• _Your assignment_: With the images removed, write out every line below exactly.

── Given entries ──

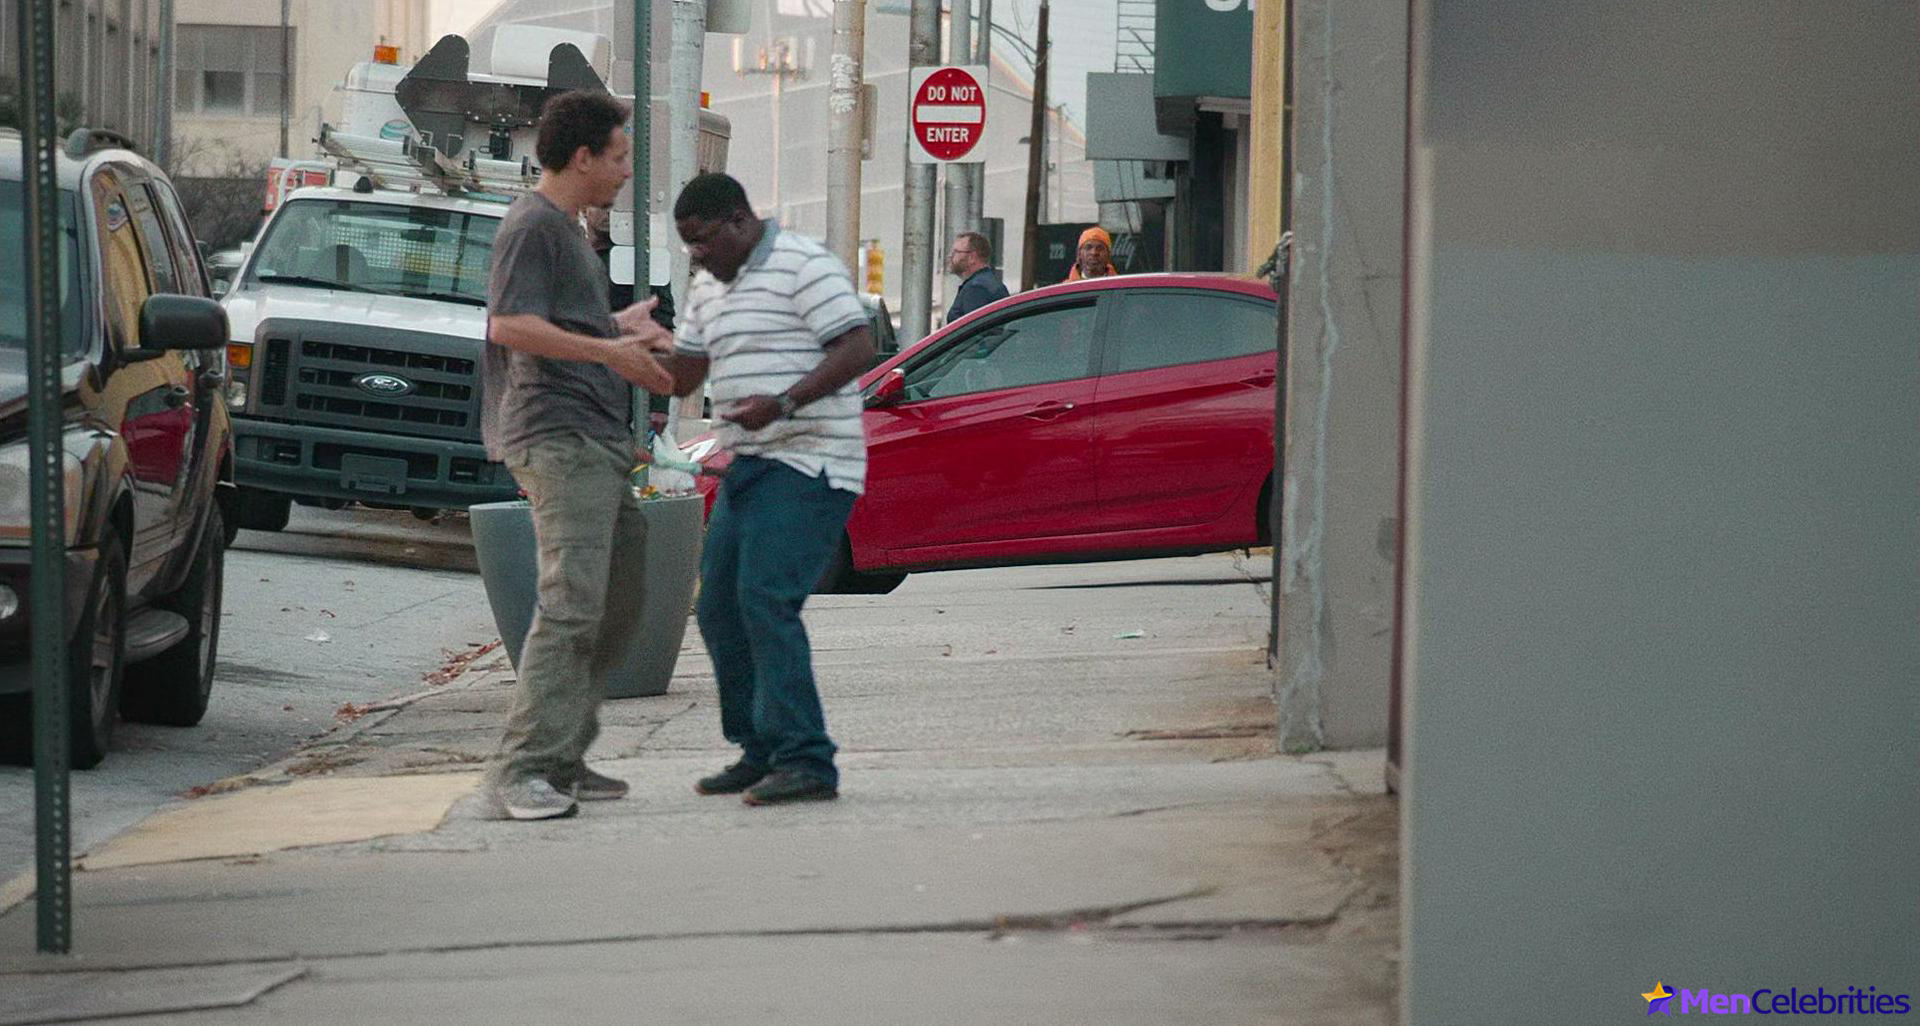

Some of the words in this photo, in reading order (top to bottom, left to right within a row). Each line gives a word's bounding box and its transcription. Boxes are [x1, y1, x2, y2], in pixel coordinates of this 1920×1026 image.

[927, 86, 946, 101] DO
[951, 86, 977, 101] NOT
[927, 127, 969, 143] ENTER
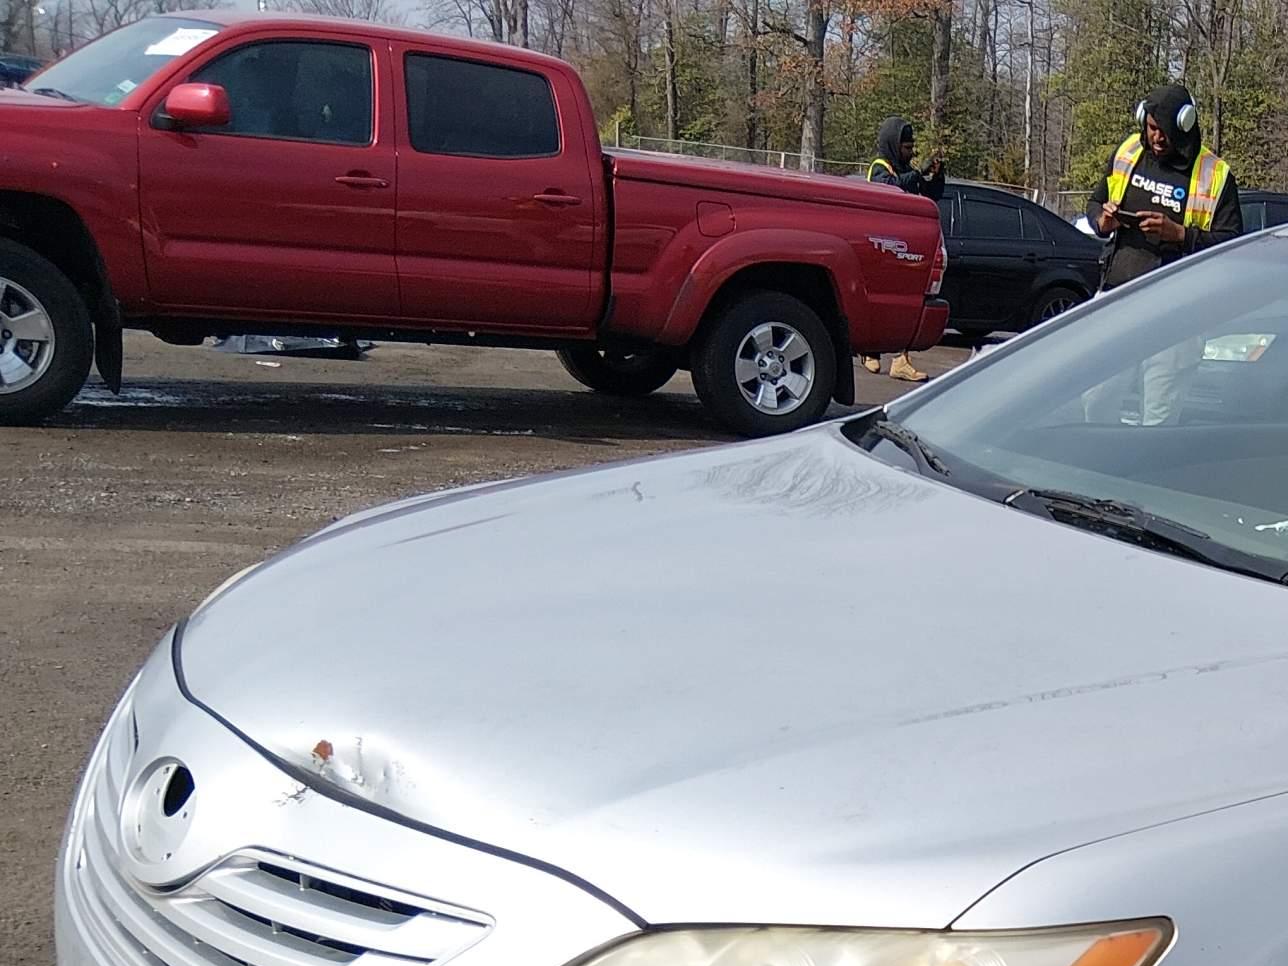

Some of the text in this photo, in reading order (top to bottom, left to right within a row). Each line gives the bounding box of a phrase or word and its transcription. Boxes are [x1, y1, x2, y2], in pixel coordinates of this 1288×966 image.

[1131, 174, 1174, 198] CHASE
[1151, 195, 1160, 204] a
[867, 236, 908, 255] TRD
[896, 252, 924, 262] SPORT

───

• _Exercise answer_:
Some of the words in this photo, in reading order (top to bottom, left to right within a row). Each line gives a word's bounding box and its transcription. Boxes are [x1, y1, x2, y2], in pixel coordinates of this 1920×1026 image.

[927, 86, 946, 101] DO
[951, 86, 977, 101] NOT
[927, 127, 969, 143] ENTER

Some of the text in this photo, in reading order (top to bottom, left to right within a row). Each line gives the bounding box of a phrase or word and its transcription. Boxes are [x1, y1, x2, y2], in pixel coordinates of this 1288×966 image.

[1131, 174, 1174, 198] CHASE
[1151, 195, 1160, 204] a
[867, 236, 908, 255] TRD
[896, 252, 924, 262] SPORT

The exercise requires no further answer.